I am pretty sure the actual problem is trivial and obvious, but it'll be easier to fix if I ignore the error message.

Saturday, January 31, 2015

The Four Horsemen of the Performance Apocalypse

In my previous post, I made the claim that really high performance software is designed to be high performance, and that a two-step process of writing code without consideration of performance and then trying to "fix it later" (guided by performance tools to show you the worst performance problems) would not work.

That's a strong claim to make, particularly given how many very smart people are saying things like "profile first, optimize later" (which is better, I guess, than "write code, don't profile, randomly try to make it faster by poking it with a stick").  So I want to make the case that there are specific factors which hurt performance, and that they actually tend to get settled a lot earlier in the process of writing software than we might think.

I am also trying to come up with enough pithy quotes and catchily-named coding ideas that, when I become unemployable due to my ever-spreading gray-hair, I will be able to write some kind of book of coding wisdom and transition into a career of tech punditry.  I have already figured out how to make 3-d transitions in Keynote!

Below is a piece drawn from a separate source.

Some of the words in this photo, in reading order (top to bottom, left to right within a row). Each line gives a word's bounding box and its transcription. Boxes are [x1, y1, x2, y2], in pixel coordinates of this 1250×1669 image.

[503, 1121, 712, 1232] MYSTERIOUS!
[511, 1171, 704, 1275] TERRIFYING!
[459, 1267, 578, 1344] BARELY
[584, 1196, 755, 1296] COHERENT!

When Does Performance Matter

We all know that 100% of our software does not need to be optimized.  So let me be clear about the scope where these ideas apply: sometimes (perhaps often) software's performance matters to its functionality.
  • When you open an application, how long do you have to wait before the application is ready for you to use?
  • When you interact with an editor, how long does it take for the editor to respond to each edit? Does the UI feel slow and unresponsive due to this speed?  If you hit undo, do you have to wait while the undo takes place?  Do you lose track of what you were doing because it took so long?
  • When you scroll around a document, is the scrolling smooth and fluid, or can you see the screen refreshing only 2 times a second?  Does it feel like "work" to move the document because tracking your scroll motion is so unresponsive?
These examples are close to home - they are all from software I have worked on, and in some cases, they are examples of bad performance that I am directly responsible for.  There's code I have worked on where the performance is very good, and there is code that I have worked on where the performance is lousy; in the set of posts that follow, I'll try to describe what works and what doesn't from experiences both successful and embarrassing.

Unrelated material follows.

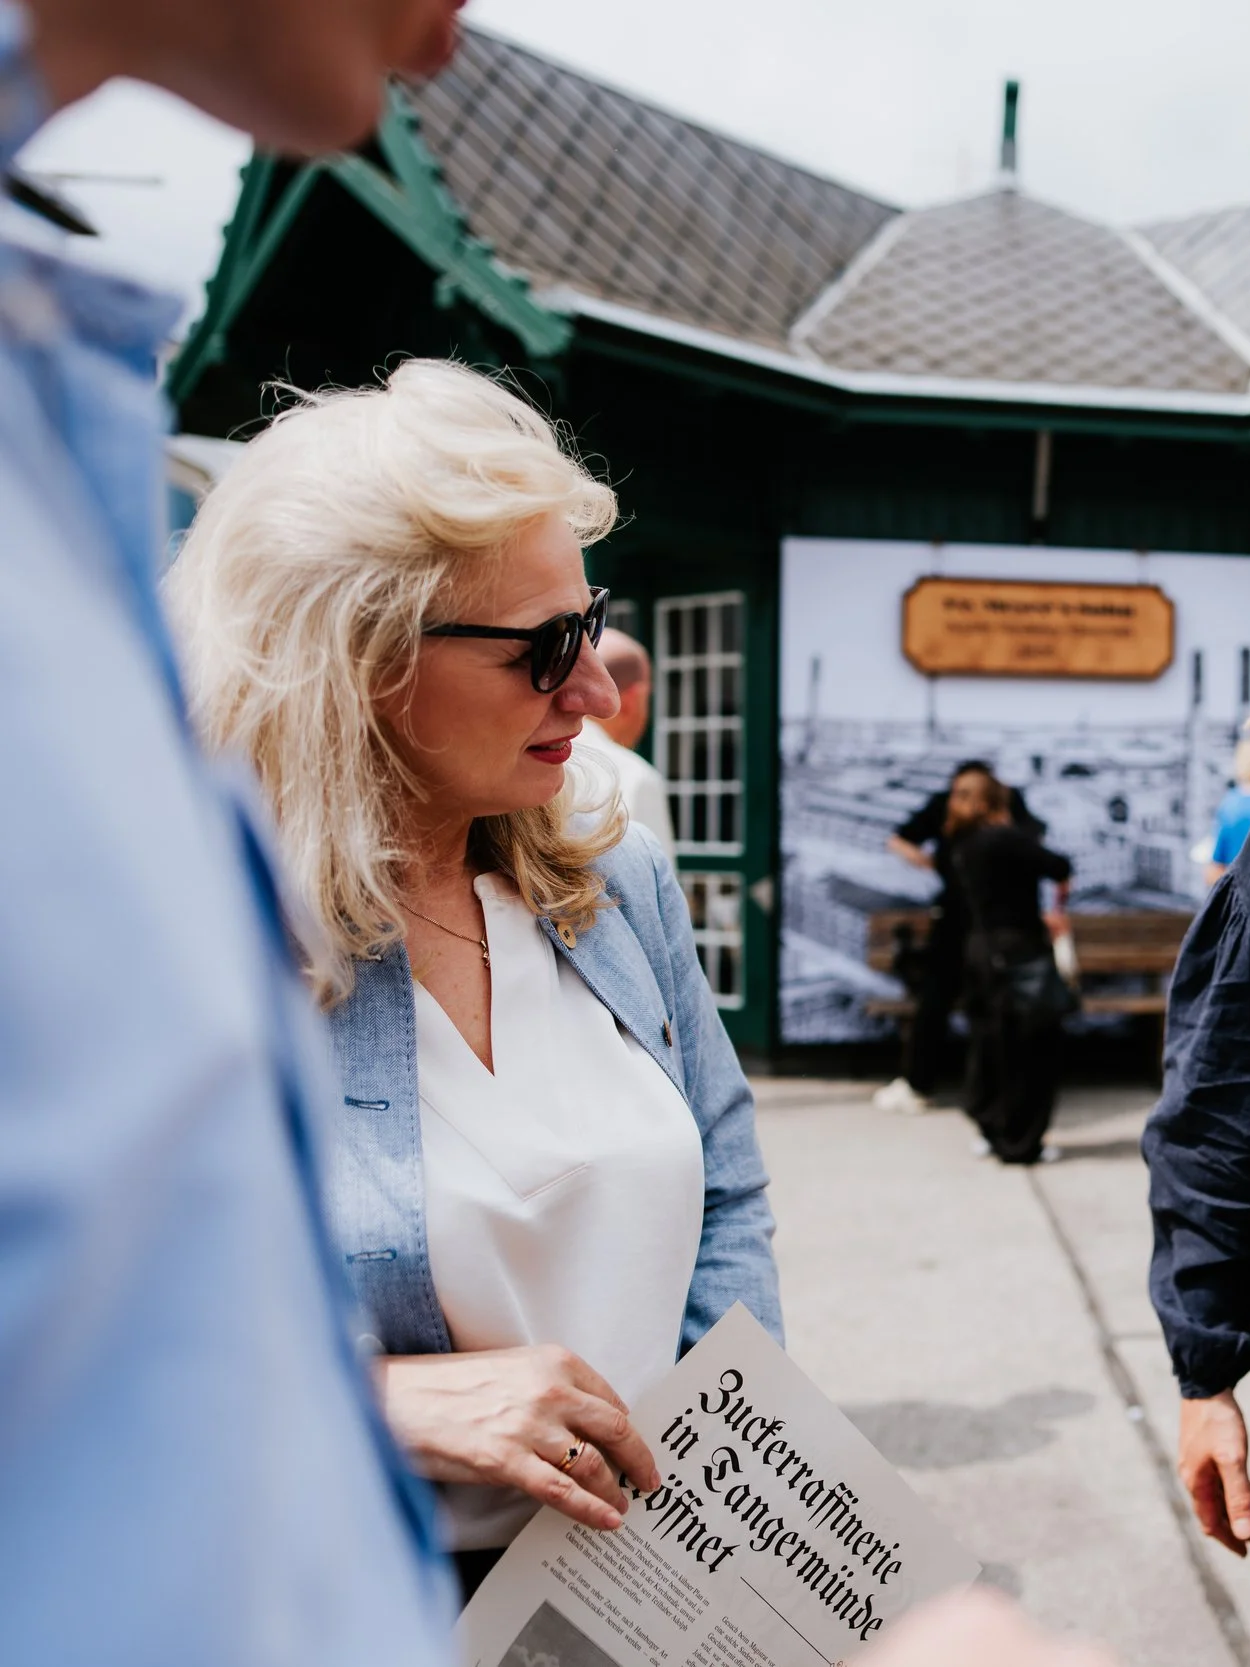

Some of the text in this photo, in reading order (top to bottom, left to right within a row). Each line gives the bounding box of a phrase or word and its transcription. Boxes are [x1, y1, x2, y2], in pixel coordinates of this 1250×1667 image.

If your dialog box opens in 30 ms, I don't care.  It might be really lame that a dialog box takes 30 ms on a 3 ghz machine to appear, but opening a dialog box isn't a hard problem.  But there are plenty of things we do with computers where performance absolutely does matter.  It may be necessary to make the user experience pleasant, or it may be necessary to allow a user to reach their full potential creativity while using your program, or it may matter for allowing your application to run on a wider range of hardware (e.g. mobile phones).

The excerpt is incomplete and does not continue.